El escritor y biógrafo presidencial, Nicolás Márquez, publicó en su cuenta de X un agresivo mensaje contra la titular de Abuelas de Plaza de Mayo, Estela de Carlotto. El escritor cuestionó la cifra de desaparecidos durante la última dictadura militar y se refirió a la histórica activista por los derechos humanos en términos despectivos.

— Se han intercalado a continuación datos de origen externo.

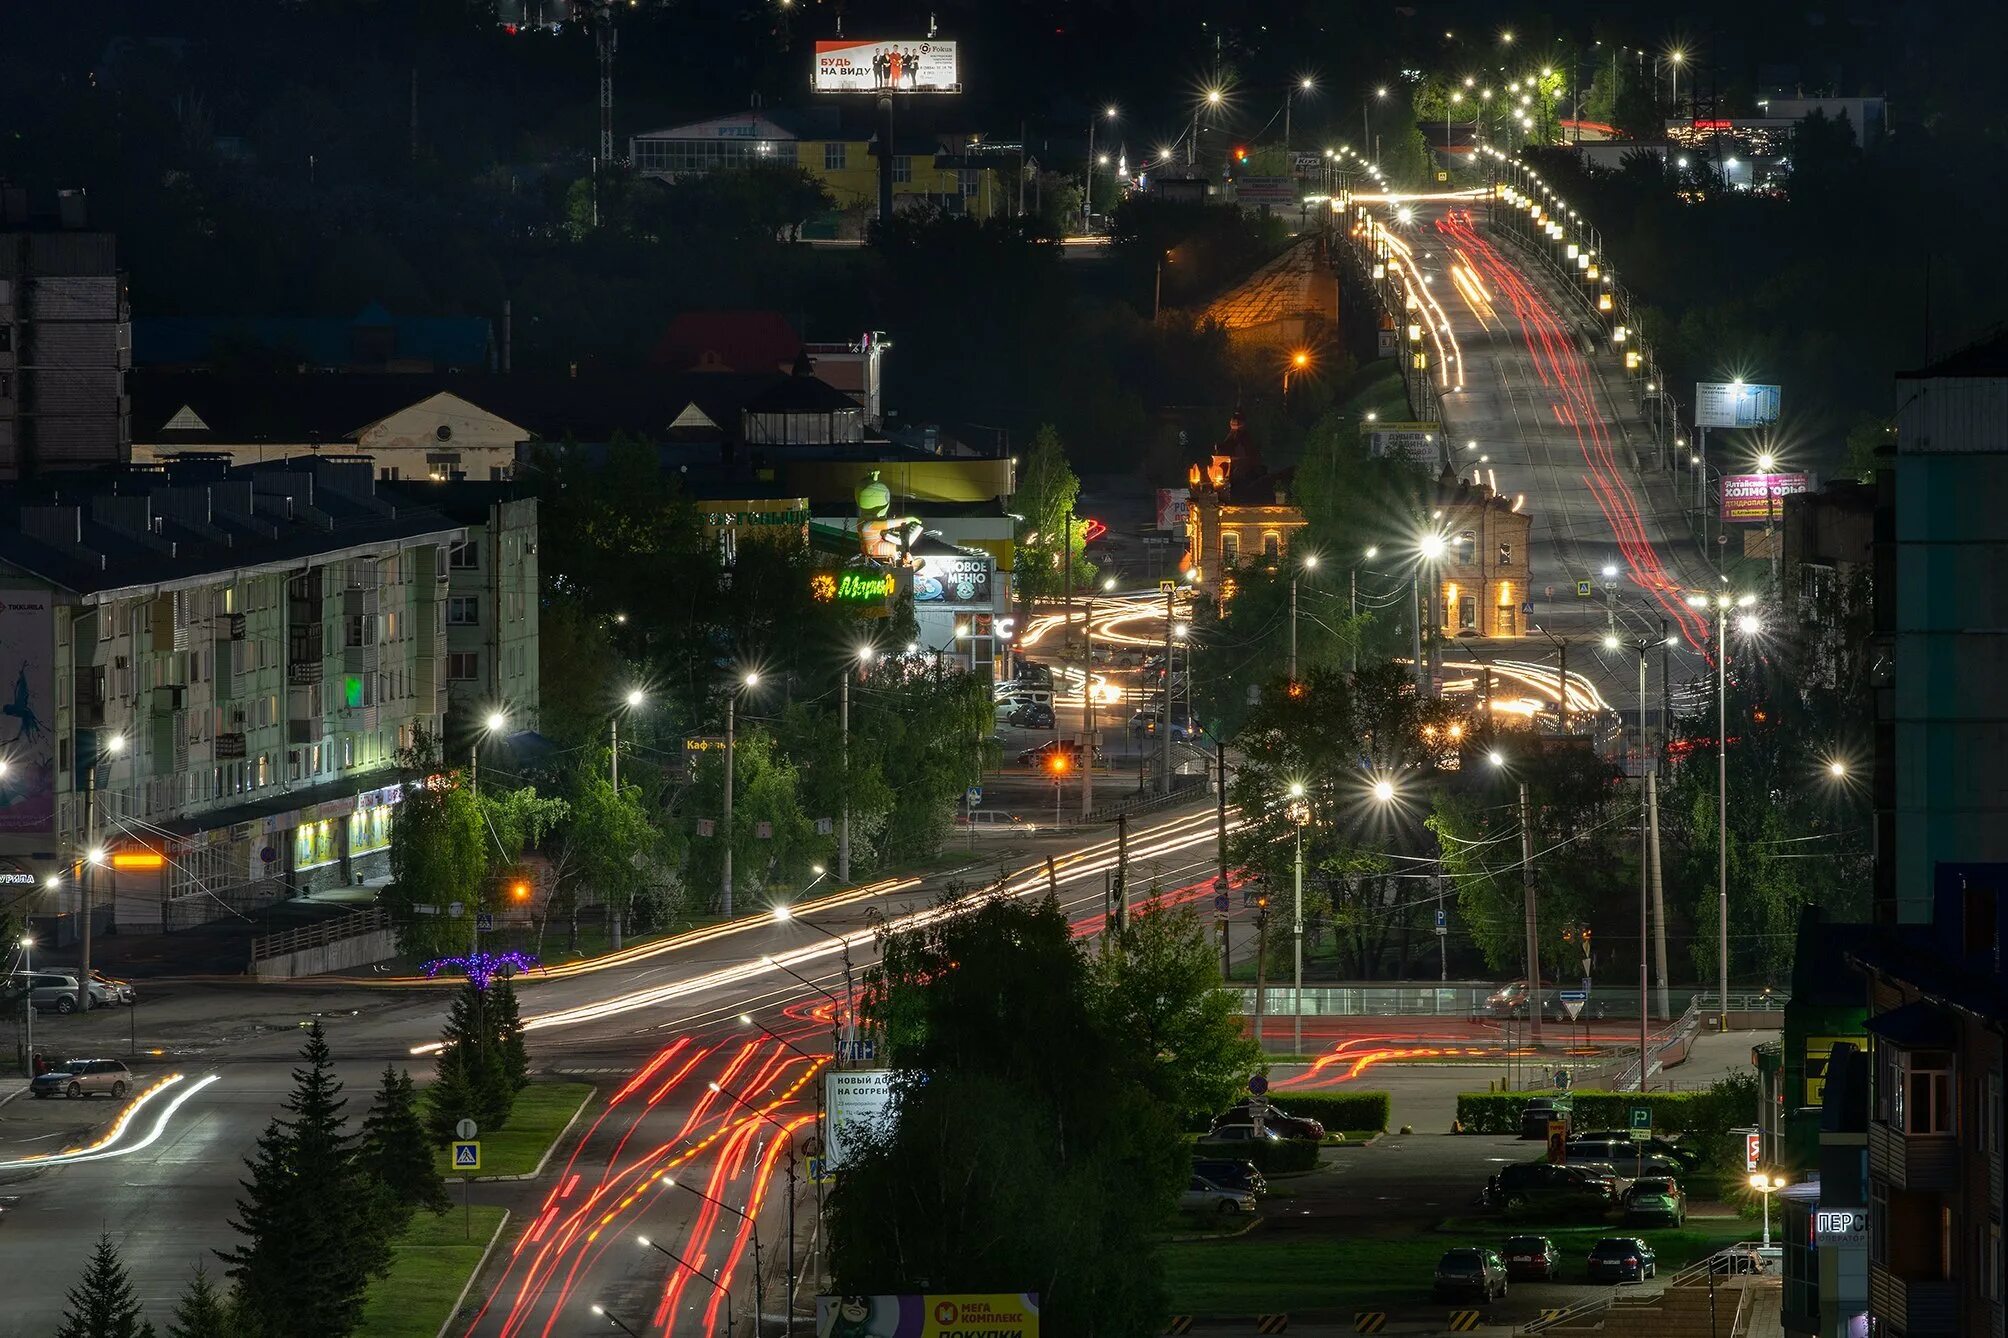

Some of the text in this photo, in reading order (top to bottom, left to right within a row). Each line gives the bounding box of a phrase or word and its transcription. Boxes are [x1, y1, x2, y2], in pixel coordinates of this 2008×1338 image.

El marplatense tomó una declaración de Carlotto: “Queremos un país como el que soñaron nuestros hijos, los 30.000 desaparecidos”. La respuesta del también abogado sostuvo que los desaparecidos no fueron 30.000, sino de 6.438 y afirmó que la dirigente aspira a que el país sea presidido por Mario Firmenich, exjefe de la organización guerrillera Montoneros. El mensaje incluyó una descalificación personal a la figura de Carlotto, a quien Márquez llamó “energúmena”.
Más allá de la mentira numérica (los terroristas desaparecidos fueron 6438), la energúmena Carlotto nos confirma que quiere un país presidido por el homicida Firmenich: pic.twitter.com/UkEPQeleoZ
— Nicolás Márquez (@NickyMarquez1) March 22, 2026
El tuit de Márquez apareció luego del reportaje que la presidenta de Abuelas de Plaza de Mayo concedió al padre Juan Carlos Molina, para el programa radial del religioso, que se transmite los domingos al mediodía por AM 750. Molina y Carlotto conversaron varios minutos al aire, con motivo de la proximidad de un nuevo 24 de marzo.
Nacido en Buenos Aires en 1948, la figura del “Pepe” surgió de ámbitos del catolicismo militante y del movimiento estudiantil y se convirtió en uno de los líderes de la organización armada más numerosa de la década del 70, que se reivindicaba como peronista. “La orga” -como la llamaban sus adherentes- que protagonizó secuestros, atentados y enfrentamientos con las fuerzas de seguridad y con sectores del propio peronismo.
El 29 de mayo de 1970 participó del Operativo Pindapoy, nombre con el que la organización le dio al secuestro y muerte del expresidente de facto Pedro Eugenio Aramburu. Fue presentación en sociedad del grupo armado. El hecho generó una crisis política que se llevó puesta a la primera gestión de la dictadura autodenominada Revolución Argentina, que había confiado el Sillón de Rivadavia a Juan Carlos Onganía.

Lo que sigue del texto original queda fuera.